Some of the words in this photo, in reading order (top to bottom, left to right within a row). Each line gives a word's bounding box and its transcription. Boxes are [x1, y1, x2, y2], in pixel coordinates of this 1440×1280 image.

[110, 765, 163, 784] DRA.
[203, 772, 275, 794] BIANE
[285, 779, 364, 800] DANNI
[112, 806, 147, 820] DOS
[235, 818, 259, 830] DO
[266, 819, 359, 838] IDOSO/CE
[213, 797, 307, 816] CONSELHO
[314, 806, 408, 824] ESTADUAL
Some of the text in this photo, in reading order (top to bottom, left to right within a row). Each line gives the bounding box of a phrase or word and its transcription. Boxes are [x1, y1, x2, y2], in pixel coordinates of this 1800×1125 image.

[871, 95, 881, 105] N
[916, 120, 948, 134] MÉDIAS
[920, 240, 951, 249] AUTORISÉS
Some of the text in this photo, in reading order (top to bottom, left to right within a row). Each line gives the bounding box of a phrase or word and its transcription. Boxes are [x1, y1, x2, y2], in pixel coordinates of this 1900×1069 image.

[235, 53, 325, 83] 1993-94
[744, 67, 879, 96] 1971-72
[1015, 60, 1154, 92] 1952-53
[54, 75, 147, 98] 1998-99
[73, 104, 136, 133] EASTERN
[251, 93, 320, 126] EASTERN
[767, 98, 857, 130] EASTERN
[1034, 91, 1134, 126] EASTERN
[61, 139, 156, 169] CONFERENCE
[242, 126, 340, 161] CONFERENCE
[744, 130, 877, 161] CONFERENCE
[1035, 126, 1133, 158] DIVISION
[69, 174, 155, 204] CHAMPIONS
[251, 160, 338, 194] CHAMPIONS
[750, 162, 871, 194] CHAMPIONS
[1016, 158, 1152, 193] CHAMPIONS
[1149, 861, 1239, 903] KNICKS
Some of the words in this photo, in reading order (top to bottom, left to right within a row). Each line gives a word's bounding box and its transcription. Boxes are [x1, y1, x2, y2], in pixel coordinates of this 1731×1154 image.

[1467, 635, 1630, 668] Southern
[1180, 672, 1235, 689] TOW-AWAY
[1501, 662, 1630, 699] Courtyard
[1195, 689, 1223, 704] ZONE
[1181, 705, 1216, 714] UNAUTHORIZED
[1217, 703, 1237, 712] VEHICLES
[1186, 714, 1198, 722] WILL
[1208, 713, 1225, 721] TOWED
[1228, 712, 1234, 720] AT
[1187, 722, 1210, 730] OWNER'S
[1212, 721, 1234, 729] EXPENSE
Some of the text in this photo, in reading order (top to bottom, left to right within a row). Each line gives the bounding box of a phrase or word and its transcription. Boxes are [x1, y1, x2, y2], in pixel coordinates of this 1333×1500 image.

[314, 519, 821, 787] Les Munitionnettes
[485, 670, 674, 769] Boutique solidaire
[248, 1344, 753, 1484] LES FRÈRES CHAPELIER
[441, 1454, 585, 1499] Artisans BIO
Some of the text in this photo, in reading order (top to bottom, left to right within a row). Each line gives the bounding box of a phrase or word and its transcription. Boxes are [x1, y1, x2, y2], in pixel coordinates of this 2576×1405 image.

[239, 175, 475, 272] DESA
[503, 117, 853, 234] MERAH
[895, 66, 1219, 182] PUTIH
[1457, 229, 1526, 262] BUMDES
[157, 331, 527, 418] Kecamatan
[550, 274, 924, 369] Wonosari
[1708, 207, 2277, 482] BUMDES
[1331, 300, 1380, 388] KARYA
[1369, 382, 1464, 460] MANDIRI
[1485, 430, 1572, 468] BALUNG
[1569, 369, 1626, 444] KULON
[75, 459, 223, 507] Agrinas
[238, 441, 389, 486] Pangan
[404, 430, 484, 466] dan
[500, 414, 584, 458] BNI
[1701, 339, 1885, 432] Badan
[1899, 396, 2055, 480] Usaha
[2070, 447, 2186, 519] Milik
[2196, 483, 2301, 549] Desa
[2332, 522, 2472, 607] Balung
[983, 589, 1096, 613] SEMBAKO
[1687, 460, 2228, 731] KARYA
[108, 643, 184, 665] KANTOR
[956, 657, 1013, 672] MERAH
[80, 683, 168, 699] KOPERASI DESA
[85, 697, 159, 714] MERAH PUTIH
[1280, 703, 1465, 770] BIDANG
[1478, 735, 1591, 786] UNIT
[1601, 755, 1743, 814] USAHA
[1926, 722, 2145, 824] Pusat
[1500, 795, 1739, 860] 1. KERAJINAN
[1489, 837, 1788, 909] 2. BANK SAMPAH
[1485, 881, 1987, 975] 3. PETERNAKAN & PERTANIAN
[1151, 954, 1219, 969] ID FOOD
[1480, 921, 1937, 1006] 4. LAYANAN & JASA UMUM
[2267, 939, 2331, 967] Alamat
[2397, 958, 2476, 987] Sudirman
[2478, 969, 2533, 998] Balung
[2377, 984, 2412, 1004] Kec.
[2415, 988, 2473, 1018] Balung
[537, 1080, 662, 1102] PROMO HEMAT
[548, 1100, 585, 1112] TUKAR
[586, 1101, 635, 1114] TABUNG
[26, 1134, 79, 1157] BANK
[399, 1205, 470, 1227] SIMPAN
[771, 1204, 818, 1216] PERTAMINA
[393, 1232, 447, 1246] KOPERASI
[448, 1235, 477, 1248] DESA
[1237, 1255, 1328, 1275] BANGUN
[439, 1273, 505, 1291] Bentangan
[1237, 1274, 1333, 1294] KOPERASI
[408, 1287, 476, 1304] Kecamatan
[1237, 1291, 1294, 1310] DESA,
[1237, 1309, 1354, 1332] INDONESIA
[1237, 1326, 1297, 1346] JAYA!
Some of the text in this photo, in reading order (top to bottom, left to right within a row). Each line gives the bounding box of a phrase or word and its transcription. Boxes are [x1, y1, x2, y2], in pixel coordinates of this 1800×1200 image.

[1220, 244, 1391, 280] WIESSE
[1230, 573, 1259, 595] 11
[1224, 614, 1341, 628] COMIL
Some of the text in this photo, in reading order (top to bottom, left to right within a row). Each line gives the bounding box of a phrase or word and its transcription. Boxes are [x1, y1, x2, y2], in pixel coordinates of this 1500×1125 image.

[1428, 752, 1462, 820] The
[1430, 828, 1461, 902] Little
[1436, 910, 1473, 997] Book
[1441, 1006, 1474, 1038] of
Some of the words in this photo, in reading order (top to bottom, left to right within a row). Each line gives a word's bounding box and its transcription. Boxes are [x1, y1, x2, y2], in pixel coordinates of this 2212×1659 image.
• • • • • • •
■ **What this task involves**
Make sure that every entry above is copied out exactly as it stands.

■ **Answer below**
Some of the words in this photo, in reading order (top to bottom, left to right within a row). Each line gives a word's bounding box and its transcription. Boxes are [x1, y1, x2, y2], in pixel coordinates of this 1440×1280 image.

[110, 765, 163, 784] DRA.
[203, 772, 275, 794] BIANE
[285, 779, 364, 800] DANNI
[112, 806, 147, 820] DOS
[235, 818, 259, 830] DO
[266, 819, 359, 838] IDOSO/CE
[213, 797, 307, 816] CONSELHO
[314, 806, 408, 824] ESTADUAL
Some of the text in this photo, in reading order (top to bottom, left to right within a row). Each line gives the bounding box of a phrase or word and its transcription. Boxes are [x1, y1, x2, y2], in pixel coordinates of this 1800×1125 image.

[871, 95, 881, 105] N
[916, 120, 948, 134] MÉDIAS
[920, 240, 951, 249] AUTORISÉS
Some of the text in this photo, in reading order (top to bottom, left to right within a row). Each line gives the bounding box of a phrase or word and its transcription. Boxes are [x1, y1, x2, y2], in pixel coordinates of this 1900×1069 image.

[235, 53, 325, 83] 1993-94
[744, 67, 879, 96] 1971-72
[1015, 60, 1154, 92] 1952-53
[54, 75, 147, 98] 1998-99
[73, 104, 136, 133] EASTERN
[251, 93, 320, 126] EASTERN
[767, 98, 857, 130] EASTERN
[1034, 91, 1134, 126] EASTERN
[61, 139, 156, 169] CONFERENCE
[242, 126, 340, 161] CONFERENCE
[744, 130, 877, 161] CONFERENCE
[1035, 126, 1133, 158] DIVISION
[69, 174, 155, 204] CHAMPIONS
[251, 160, 338, 194] CHAMPIONS
[750, 162, 871, 194] CHAMPIONS
[1016, 158, 1152, 193] CHAMPIONS
[1149, 861, 1239, 903] KNICKS
Some of the words in this photo, in reading order (top to bottom, left to right within a row). Each line gives a word's bounding box and its transcription. Boxes are [x1, y1, x2, y2], in pixel coordinates of this 1731×1154 image.

[1467, 635, 1630, 668] Southern
[1180, 672, 1235, 689] TOW-AWAY
[1501, 662, 1630, 699] Courtyard
[1195, 689, 1223, 704] ZONE
[1181, 705, 1216, 714] UNAUTHORIZED
[1217, 703, 1237, 712] VEHICLES
[1186, 714, 1198, 722] WILL
[1208, 713, 1225, 721] TOWED
[1228, 712, 1234, 720] AT
[1187, 722, 1210, 730] OWNER'S
[1212, 721, 1234, 729] EXPENSE
Some of the text in this photo, in reading order (top to bottom, left to right within a row). Each line gives the bounding box of a phrase or word and its transcription. Boxes are [x1, y1, x2, y2], in pixel coordinates of this 1333×1500 image.

[314, 519, 821, 787] Les Munitionnettes
[485, 670, 674, 769] Boutique solidaire
[248, 1344, 753, 1484] LES FRÈRES CHAPELIER
[441, 1454, 585, 1499] Artisans BIO
Some of the text in this photo, in reading order (top to bottom, left to right within a row). Each line gives the bounding box of a phrase or word and its transcription. Boxes are [x1, y1, x2, y2], in pixel coordinates of this 2576×1405 image.

[239, 175, 475, 272] DESA
[503, 117, 853, 234] MERAH
[895, 66, 1219, 182] PUTIH
[1457, 229, 1526, 262] BUMDES
[157, 331, 527, 418] Kecamatan
[550, 274, 924, 369] Wonosari
[1708, 207, 2277, 482] BUMDES
[1331, 300, 1380, 388] KARYA
[1369, 382, 1464, 460] MANDIRI
[1485, 430, 1572, 468] BALUNG
[1569, 369, 1626, 444] KULON
[75, 459, 223, 507] Agrinas
[238, 441, 389, 486] Pangan
[404, 430, 484, 466] dan
[500, 414, 584, 458] BNI
[1701, 339, 1885, 432] Badan
[1899, 396, 2055, 480] Usaha
[2070, 447, 2186, 519] Milik
[2196, 483, 2301, 549] Desa
[2332, 522, 2472, 607] Balung
[983, 589, 1096, 613] SEMBAKO
[1687, 460, 2228, 731] KARYA
[108, 643, 184, 665] KANTOR
[956, 657, 1013, 672] MERAH
[80, 683, 168, 699] KOPERASI DESA
[85, 697, 159, 714] MERAH PUTIH
[1280, 703, 1465, 770] BIDANG
[1478, 735, 1591, 786] UNIT
[1601, 755, 1743, 814] USAHA
[1926, 722, 2145, 824] Pusat
[1500, 795, 1739, 860] 1. KERAJINAN
[1489, 837, 1788, 909] 2. BANK SAMPAH
[1485, 881, 1987, 975] 3. PETERNAKAN & PERTANIAN
[1151, 954, 1219, 969] ID FOOD
[1480, 921, 1937, 1006] 4. LAYANAN & JASA UMUM
[2267, 939, 2331, 967] Alamat
[2397, 958, 2476, 987] Sudirman
[2478, 969, 2533, 998] Balung
[2377, 984, 2412, 1004] Kec.
[2415, 988, 2473, 1018] Balung
[537, 1080, 662, 1102] PROMO HEMAT
[548, 1100, 585, 1112] TUKAR
[586, 1101, 635, 1114] TABUNG
[26, 1134, 79, 1157] BANK
[399, 1205, 470, 1227] SIMPAN
[771, 1204, 818, 1216] PERTAMINA
[393, 1232, 447, 1246] KOPERASI
[448, 1235, 477, 1248] DESA
[1237, 1255, 1328, 1275] BANGUN
[439, 1273, 505, 1291] Bentangan
[1237, 1274, 1333, 1294] KOPERASI
[408, 1287, 476, 1304] Kecamatan
[1237, 1291, 1294, 1310] DESA,
[1237, 1309, 1354, 1332] INDONESIA
[1237, 1326, 1297, 1346] JAYA!
Some of the text in this photo, in reading order (top to bottom, left to right within a row). Each line gives the bounding box of a phrase or word and its transcription. Boxes are [x1, y1, x2, y2], in pixel coordinates of this 1800×1200 image.

[1220, 244, 1391, 280] WIESSE
[1230, 573, 1259, 595] 11
[1224, 614, 1341, 628] COMIL
Some of the text in this photo, in reading order (top to bottom, left to right within a row). Each line gives the bounding box of a phrase or word and its transcription. Boxes are [x1, y1, x2, y2], in pixel coordinates of this 1500×1125 image.

[1428, 752, 1462, 820] The
[1430, 828, 1461, 902] Little
[1436, 910, 1473, 997] Book
[1441, 1006, 1474, 1038] of
Some of the words in this photo, in reading order (top to bottom, left to right within a row). Each line gives a word's bounding box and its transcription. Boxes are [x1, y1, x2, y2], in pixel coordinates of this 2212×1659 image.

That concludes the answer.